I saw the sirtaki dance only once in a tavern with friends. And the waiters performed it in the breaks between their main work, exclusively at the request of foreign guests. Of course, the dance was in a simplified version, but the audience applauded vigorously. nine0004
What are the Greeks dancing about?
Zeibekiko is very popular: nowadays it is danced both at family celebrations and in taverns. The dance is single, male, requiring only a small space around. The movements are very reminiscent of the movements of a drunk person. There is even a “somersault” when a dancer from a sitting position grabs a filled glass with his teeth without the help of hands, from the floor, and, rising, drinks the contents, then puts it back.

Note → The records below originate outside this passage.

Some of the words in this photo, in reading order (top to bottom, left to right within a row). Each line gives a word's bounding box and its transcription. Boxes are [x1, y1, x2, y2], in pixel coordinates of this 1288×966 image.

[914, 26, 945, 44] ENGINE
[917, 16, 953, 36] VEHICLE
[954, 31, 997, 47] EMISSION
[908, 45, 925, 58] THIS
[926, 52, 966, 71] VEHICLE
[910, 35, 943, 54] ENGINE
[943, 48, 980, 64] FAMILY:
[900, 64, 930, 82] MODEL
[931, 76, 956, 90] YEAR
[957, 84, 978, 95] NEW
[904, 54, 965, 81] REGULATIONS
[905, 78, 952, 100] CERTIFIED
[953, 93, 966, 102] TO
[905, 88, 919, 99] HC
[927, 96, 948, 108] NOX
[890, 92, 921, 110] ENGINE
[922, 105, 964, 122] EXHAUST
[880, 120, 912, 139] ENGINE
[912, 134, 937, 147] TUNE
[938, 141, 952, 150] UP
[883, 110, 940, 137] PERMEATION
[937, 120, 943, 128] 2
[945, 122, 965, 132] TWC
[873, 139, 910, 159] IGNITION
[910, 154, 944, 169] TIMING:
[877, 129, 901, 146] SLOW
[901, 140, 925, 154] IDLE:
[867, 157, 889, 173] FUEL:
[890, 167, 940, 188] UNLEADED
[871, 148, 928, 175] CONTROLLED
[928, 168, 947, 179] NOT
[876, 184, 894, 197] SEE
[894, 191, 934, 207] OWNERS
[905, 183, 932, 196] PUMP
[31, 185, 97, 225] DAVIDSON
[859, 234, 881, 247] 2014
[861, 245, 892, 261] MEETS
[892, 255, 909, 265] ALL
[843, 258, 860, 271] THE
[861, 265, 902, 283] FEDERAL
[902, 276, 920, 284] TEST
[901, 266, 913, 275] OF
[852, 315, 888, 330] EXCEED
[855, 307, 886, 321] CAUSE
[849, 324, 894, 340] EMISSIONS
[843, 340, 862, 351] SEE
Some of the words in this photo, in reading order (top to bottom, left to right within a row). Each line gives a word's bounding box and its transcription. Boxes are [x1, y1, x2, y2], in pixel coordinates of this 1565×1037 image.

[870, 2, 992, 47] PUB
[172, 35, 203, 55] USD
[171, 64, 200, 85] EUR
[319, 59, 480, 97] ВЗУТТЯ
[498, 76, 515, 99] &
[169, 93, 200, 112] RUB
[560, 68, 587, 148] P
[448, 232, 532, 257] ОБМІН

But this is now. In the old days, the attitude to dance was different. "Zeybeko" was brought with them by Greek repatriates who came from Turkey to Greece after 1922 years during the "exchange of peoples". Initially, it was a dance of sorrow and expression of sorrowful feelings. The dancer, with the help of body plastics, seemed to “mourn” death, unfulfilled dreams, the loss of his beloved, demonstrating the idea that a real man is not ashamed to show his pain. “Zeybeko” does not give courage, the people said. “But a person must be brave to dance it.”
Women were forbidden to perform this dance, because it was believed that she, expressing her longing in the dance, defames the man who came with her. And in general, it was implied that women are too weak to dare to demonstrate their grief. Today, some ladies dance "zeybeko", but to be honest, it looks ridiculous: as if a woman began to squat. nine0004
The dance is completely improvised, as they say, "from the heart": there is no definite sequence of movements.